↓↓↓

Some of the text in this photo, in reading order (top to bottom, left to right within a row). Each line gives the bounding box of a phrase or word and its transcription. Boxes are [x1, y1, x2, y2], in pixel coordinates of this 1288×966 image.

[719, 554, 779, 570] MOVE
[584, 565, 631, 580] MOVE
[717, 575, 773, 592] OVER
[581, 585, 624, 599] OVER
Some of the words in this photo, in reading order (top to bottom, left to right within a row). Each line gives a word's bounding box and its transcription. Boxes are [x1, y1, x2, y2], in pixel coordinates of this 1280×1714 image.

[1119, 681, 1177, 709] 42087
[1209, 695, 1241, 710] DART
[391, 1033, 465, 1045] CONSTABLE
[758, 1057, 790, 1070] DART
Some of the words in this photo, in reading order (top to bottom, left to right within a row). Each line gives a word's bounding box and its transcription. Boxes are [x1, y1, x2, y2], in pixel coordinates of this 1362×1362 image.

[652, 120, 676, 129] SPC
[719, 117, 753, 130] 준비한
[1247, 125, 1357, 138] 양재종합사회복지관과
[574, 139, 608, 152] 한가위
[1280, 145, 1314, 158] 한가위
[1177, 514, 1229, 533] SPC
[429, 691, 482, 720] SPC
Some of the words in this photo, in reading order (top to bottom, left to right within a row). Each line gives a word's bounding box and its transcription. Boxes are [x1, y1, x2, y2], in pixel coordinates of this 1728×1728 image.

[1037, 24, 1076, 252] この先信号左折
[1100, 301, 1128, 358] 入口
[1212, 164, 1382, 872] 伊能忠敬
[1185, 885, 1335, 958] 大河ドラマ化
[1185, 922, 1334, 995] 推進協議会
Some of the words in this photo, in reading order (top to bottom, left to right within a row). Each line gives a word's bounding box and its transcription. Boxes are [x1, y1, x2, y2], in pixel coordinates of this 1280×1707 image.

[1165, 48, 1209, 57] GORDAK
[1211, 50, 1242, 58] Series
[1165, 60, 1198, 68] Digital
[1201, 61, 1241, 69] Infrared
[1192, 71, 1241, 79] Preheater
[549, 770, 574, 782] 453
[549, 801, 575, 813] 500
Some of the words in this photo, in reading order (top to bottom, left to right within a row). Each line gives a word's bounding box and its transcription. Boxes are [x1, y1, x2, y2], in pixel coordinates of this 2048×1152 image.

↑↑↑

What to do → Everything in the listing above should be duplicated exactly.

Written solution →
Some of the text in this photo, in reading order (top to bottom, left to right within a row). Each line gives the bounding box of a phrase or word and its transcription. Boxes are [x1, y1, x2, y2], in pixel coordinates of this 1288×966 image.

[719, 554, 779, 570] MOVE
[584, 565, 631, 580] MOVE
[717, 575, 773, 592] OVER
[581, 585, 624, 599] OVER
Some of the words in this photo, in reading order (top to bottom, left to right within a row). Each line gives a word's bounding box and its transcription. Boxes are [x1, y1, x2, y2], in pixel coordinates of this 1280×1714 image.

[1119, 681, 1177, 709] 42087
[1209, 695, 1241, 710] DART
[391, 1033, 465, 1045] CONSTABLE
[758, 1057, 790, 1070] DART
Some of the words in this photo, in reading order (top to bottom, left to right within a row). Each line gives a word's bounding box and its transcription. Boxes are [x1, y1, x2, y2], in pixel coordinates of this 1362×1362 image.

[652, 120, 676, 129] SPC
[719, 117, 753, 130] 준비한
[1247, 125, 1357, 138] 양재종합사회복지관과
[574, 139, 608, 152] 한가위
[1280, 145, 1314, 158] 한가위
[1177, 514, 1229, 533] SPC
[429, 691, 482, 720] SPC
Some of the words in this photo, in reading order (top to bottom, left to right within a row). Each line gives a word's bounding box and its transcription. Boxes are [x1, y1, x2, y2], in pixel coordinates of this 1728×1728 image.

[1037, 24, 1076, 252] この先信号左折
[1100, 301, 1128, 358] 入口
[1212, 164, 1382, 872] 伊能忠敬
[1185, 885, 1335, 958] 大河ドラマ化
[1185, 922, 1334, 995] 推進協議会
Some of the words in this photo, in reading order (top to bottom, left to right within a row). Each line gives a word's bounding box and its transcription. Boxes are [x1, y1, x2, y2], in pixel coordinates of this 1280×1707 image.

[1165, 48, 1209, 57] GORDAK
[1211, 50, 1242, 58] Series
[1165, 60, 1198, 68] Digital
[1201, 61, 1241, 69] Infrared
[1192, 71, 1241, 79] Preheater
[549, 770, 574, 782] 453
[549, 801, 575, 813] 500
Some of the words in this photo, in reading order (top to bottom, left to right within a row). Each line gives a word's bounding box and its transcription. Boxes are [x1, y1, x2, y2], in pixel coordinates of this 2048×1152 image.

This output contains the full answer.